Highlights & Insights

  • Cross-task uncertainty transfer is the core innovation: Instead of training additional residual regression models to estimate prediction difficulty, the Venn-Abers uncertainty from the first-stage classifier is reused as the scaling signal. The computational overhead is near zero, and it is theoretically sound as classification ambiguity is a direct proxy for regression reliability.
  • Mean-centered scaling is elegantly designed: By using the population average uncertainty as a pivot, \(\sigma(x)\) ensures "standard patients" receive standard intervals, while difficult patients receive wider intervals and simple patients receive narrower ones, preserving the statistical efficiency of the global calibration set.
  • Plug-and-play module for general two-stage architectures: Any cascaded decision system (e.g., Deep Brain Stimulation parameter setting, Botox dosage calculation) can directly apply this framework by extracting Venn-Abers scores from the classification stage.

Limitations & Future Work

  • Currently employs symmetric scaling, whereas the risks of over-medication and under-medication are not equivalent in certain clinical scenarios, requiring asymmetric scaling strategies.
  • Evaluation is primarily conducted on a subset filtered by ground truth labels (\(y_i \neq 0\)), without fully accounting for the impact of first-stage classifier error propagation on the total system.
  • Validated only on single-center data for a single disease (PD) (631 cases); the sample size is limited, and there is a lack of multi-center, multi-disease generalization validation.
  • Lacks a rejection mechanism: For cases with extremely high uncertainty, the system should allow for active abstention and transition to human experts.

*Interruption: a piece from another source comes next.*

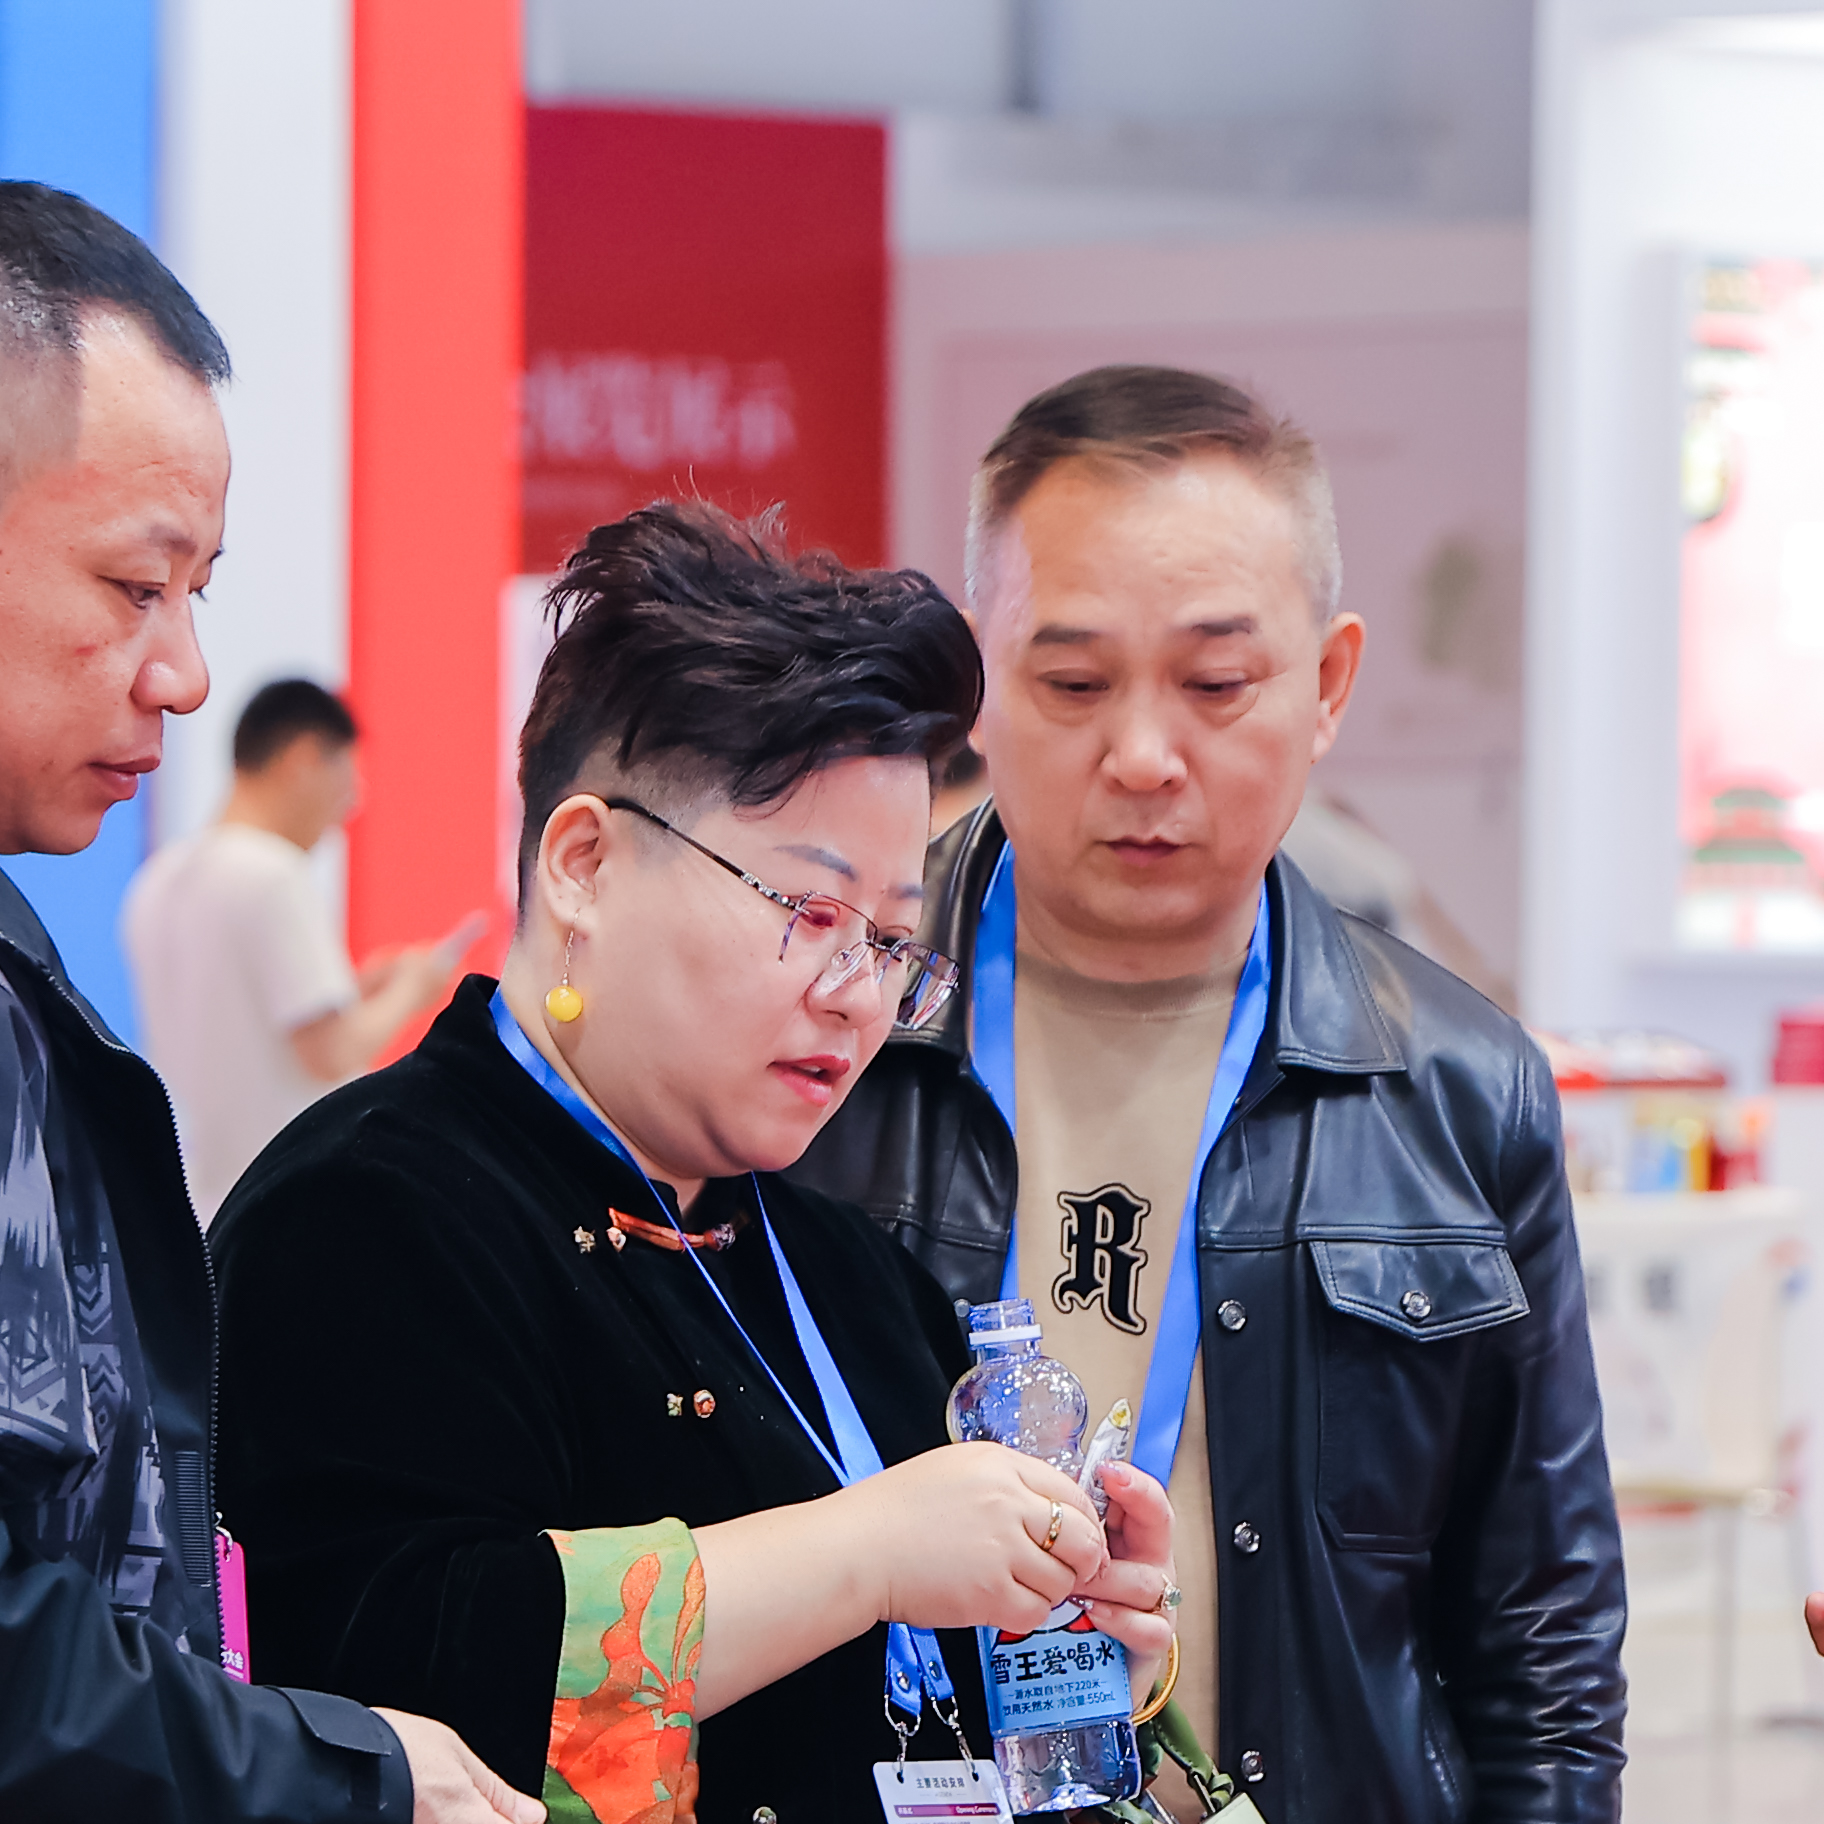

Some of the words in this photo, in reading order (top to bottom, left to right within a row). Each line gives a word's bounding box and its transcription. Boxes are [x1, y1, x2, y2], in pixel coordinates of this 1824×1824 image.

  • The \(\beta\) parameter currently requires determination via ablation on specific datasets, lacking theoretical guidance for automatic selection.

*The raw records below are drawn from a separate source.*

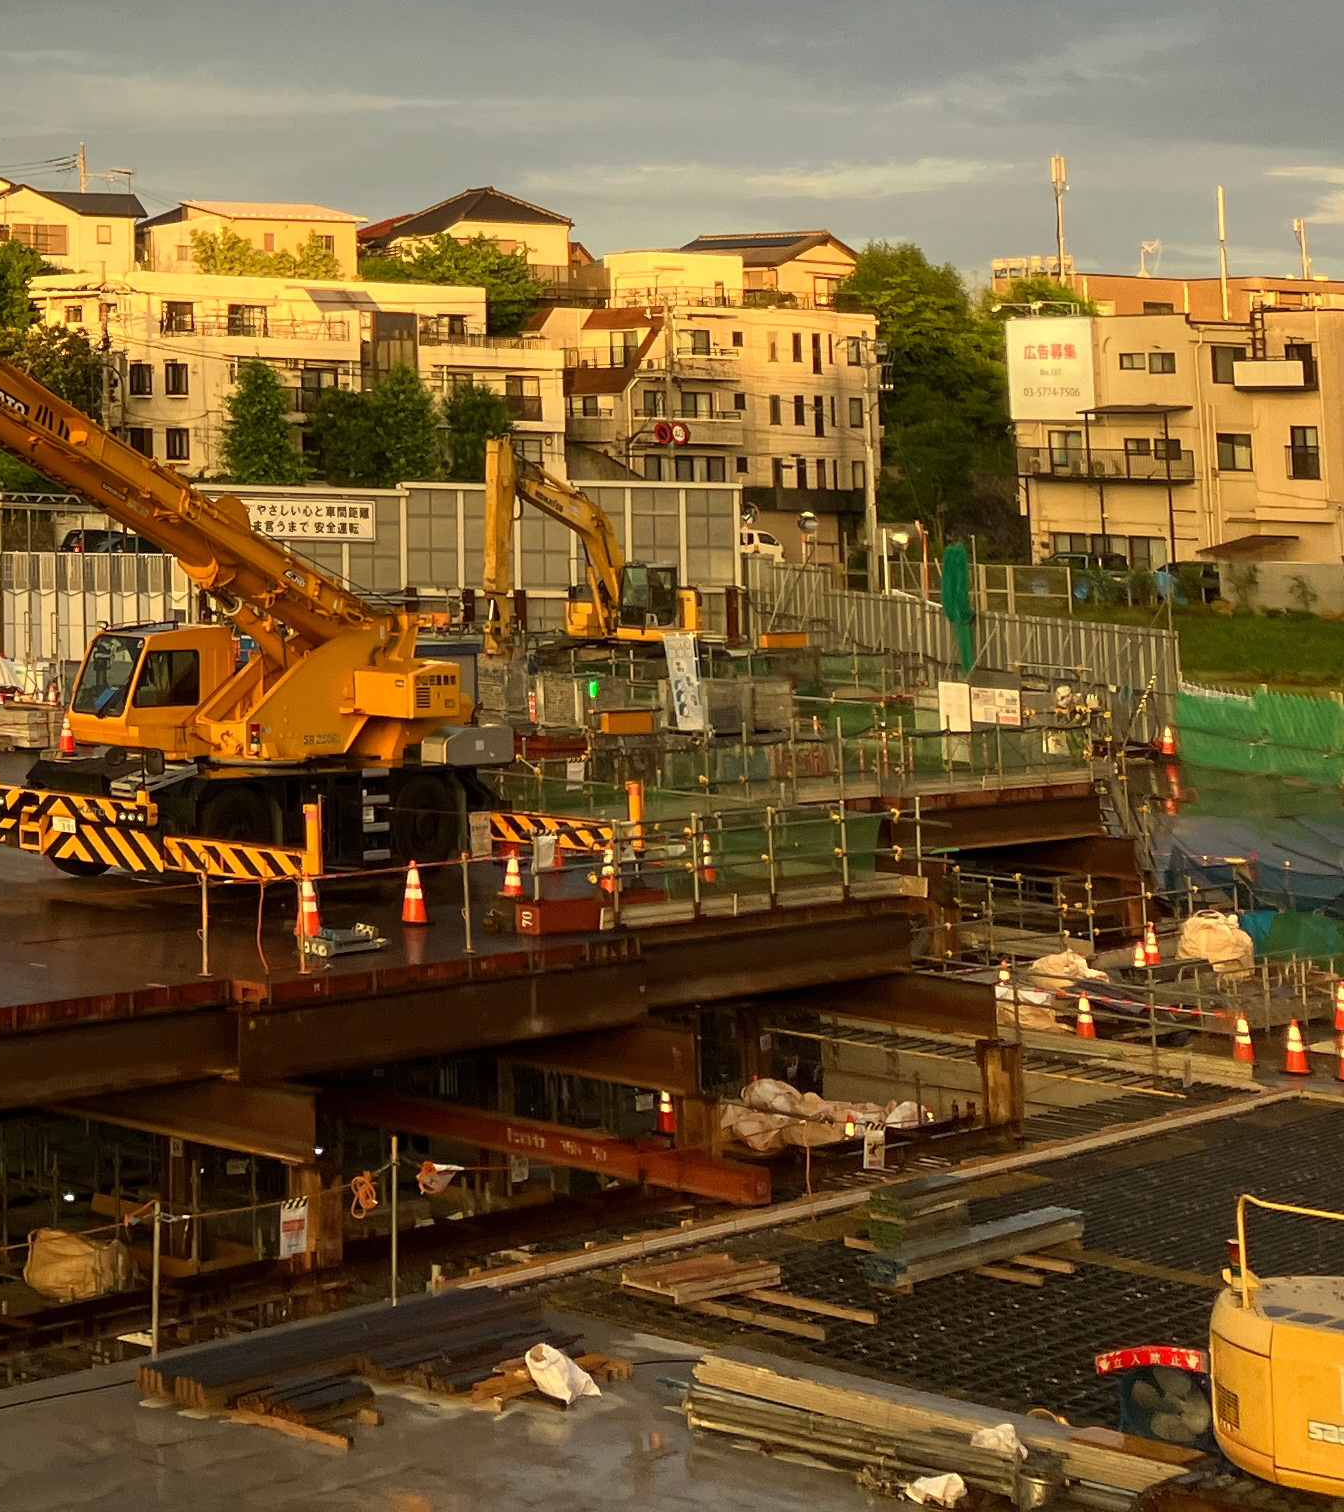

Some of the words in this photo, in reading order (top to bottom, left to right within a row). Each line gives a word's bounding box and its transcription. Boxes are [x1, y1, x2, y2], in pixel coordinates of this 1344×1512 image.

[1023, 343, 1077, 360] 広告募集
[1023, 387, 1081, 397] 03-5774-7506
[256, 505, 370, 519] やさしい心と車間距離
[314, 522, 360, 534] 安全運転
[521, 910, 533, 928] 70
[1113, 1352, 1182, 1369] 立入禁止

  • Conformal Prediction Foundations: Vovk et al. (2005) established distribution-free coverage guarantees; Mondrian CP achieves group-conditional validity via stratification; Normalized CP (Lei et al., 2018) enables adaptation through local scaling.
  • Venn-Abers Predictors: A multi-probability calibration method proposed by Vovk & Petej (2012); this paper innovatively transforms it from a calibration tool into a signal source for uncertainty propagation.
  • Two-Stage Clinical Systems: The PD two-stage architecture by Diaz-Rincon et al. (2025) is the direct predecessor; CASCADE addresses the information loss problem at its decision boundaries.
  • Insight: The combination of conformal prediction and epistemic uncertainty can be extended to more cascaded decision scenarios, such as "detection \(\rightarrow\) planning" in autonomous driving or "segmentation \(\rightarrow\) diagnosis" in medical imaging.